• **Task directions**
Please print every line from the one containing "Some of the words" through the last line of the records below, exactly as written and nothing more.

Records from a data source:
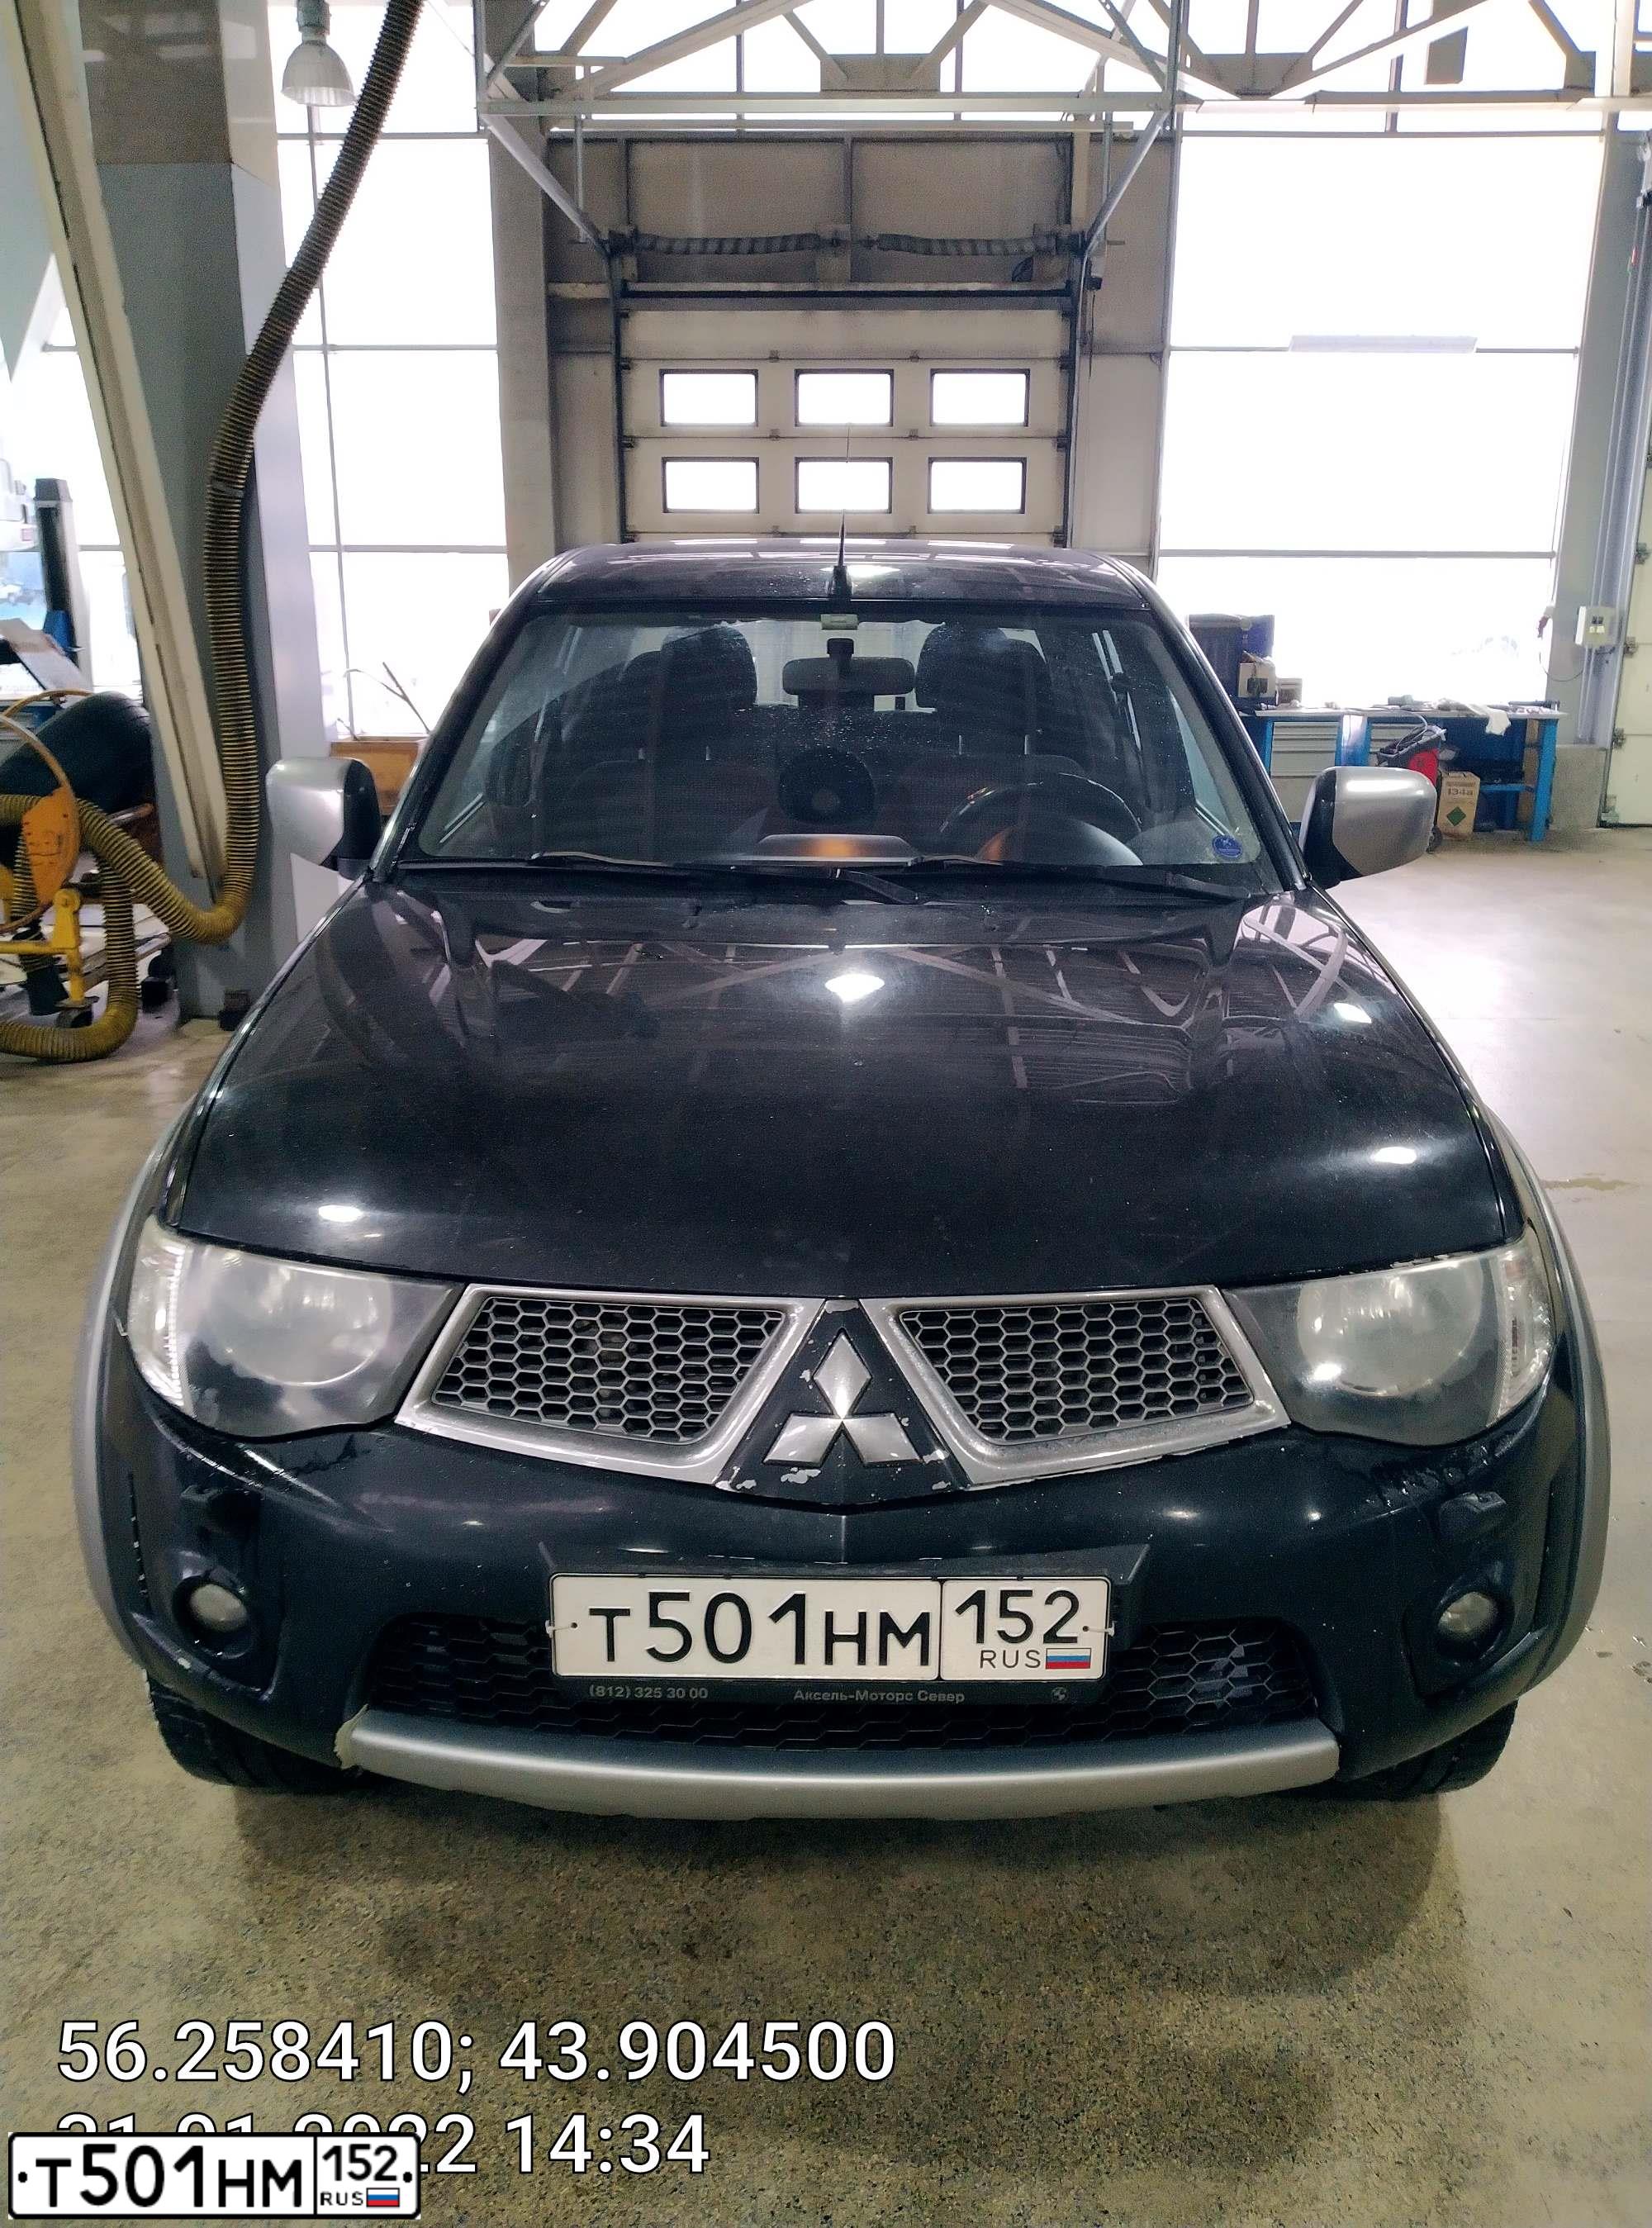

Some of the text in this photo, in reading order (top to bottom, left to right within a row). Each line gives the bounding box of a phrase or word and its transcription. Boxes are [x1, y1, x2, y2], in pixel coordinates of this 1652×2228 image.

[955, 1589, 1080, 1644] 152
[588, 1591, 931, 1666] Т501НМ
[980, 1650, 1041, 1669] RUS
[589, 1684, 709, 1698] (812) 325 30 00
[794, 1689, 965, 1703] Аксель-Моторс Север
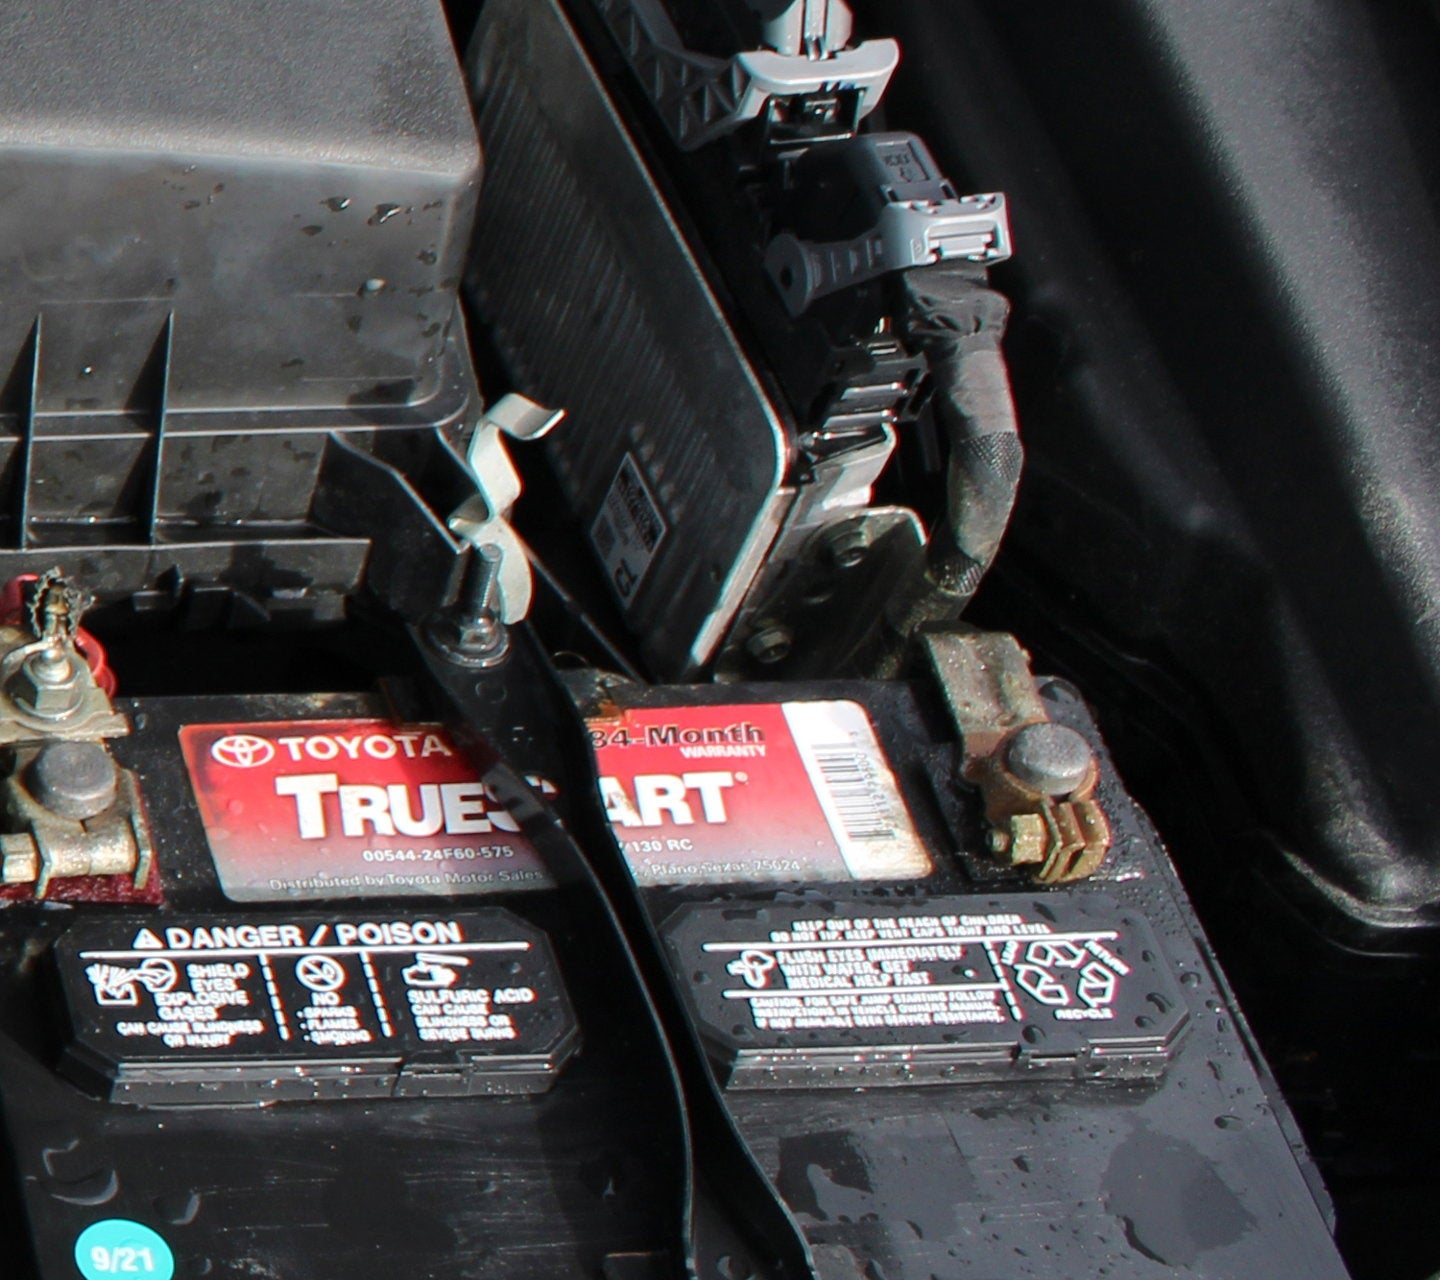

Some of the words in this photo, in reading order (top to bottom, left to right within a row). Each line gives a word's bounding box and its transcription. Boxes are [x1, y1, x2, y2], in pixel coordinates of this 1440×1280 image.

[277, 734, 453, 762] TOYOTA
[679, 743, 767, 759] WARRANTY
[666, 837, 694, 852] RC
[385, 873, 441, 888] Toyota
[165, 924, 306, 950] DANGER
[334, 920, 465, 947] POISON
[776, 950, 826, 964] FLUSH
[826, 949, 866, 963] EYES
[866, 946, 962, 962] IMMEDIATELY
[187, 962, 250, 979] SHIELD
[780, 963, 823, 977] WITH
[880, 960, 911, 974] GET
[190, 977, 238, 993] EYES
[786, 975, 854, 990] MEDICAL
[853, 973, 893, 988] HELP
[893, 972, 932, 987] FAST
[154, 991, 250, 1008] EXPLOSIVE
[311, 991, 340, 1006] NO
[407, 989, 490, 1005] SULFURIC
[493, 987, 535, 1004] ACID
[158, 1006, 219, 1021] GASES
[90, 1244, 155, 1275] 9/21

• **Expected answer**
Some of the words in this photo, in reading order (top to bottom, left to right within a row). Each line gives a word's bounding box and its transcription. Boxes are [x1, y1, x2, y2], in pixel coordinates of this 1440×1280 image.

[277, 734, 453, 762] TOYOTA
[679, 743, 767, 759] WARRANTY
[666, 837, 694, 852] RC
[385, 873, 441, 888] Toyota
[165, 924, 306, 950] DANGER
[334, 920, 465, 947] POISON
[776, 950, 826, 964] FLUSH
[826, 949, 866, 963] EYES
[866, 946, 962, 962] IMMEDIATELY
[187, 962, 250, 979] SHIELD
[780, 963, 823, 977] WITH
[880, 960, 911, 974] GET
[190, 977, 238, 993] EYES
[786, 975, 854, 990] MEDICAL
[853, 973, 893, 988] HELP
[893, 972, 932, 987] FAST
[154, 991, 250, 1008] EXPLOSIVE
[311, 991, 340, 1006] NO
[407, 989, 490, 1005] SULFURIC
[493, 987, 535, 1004] ACID
[158, 1006, 219, 1021] GASES
[90, 1244, 155, 1275] 9/21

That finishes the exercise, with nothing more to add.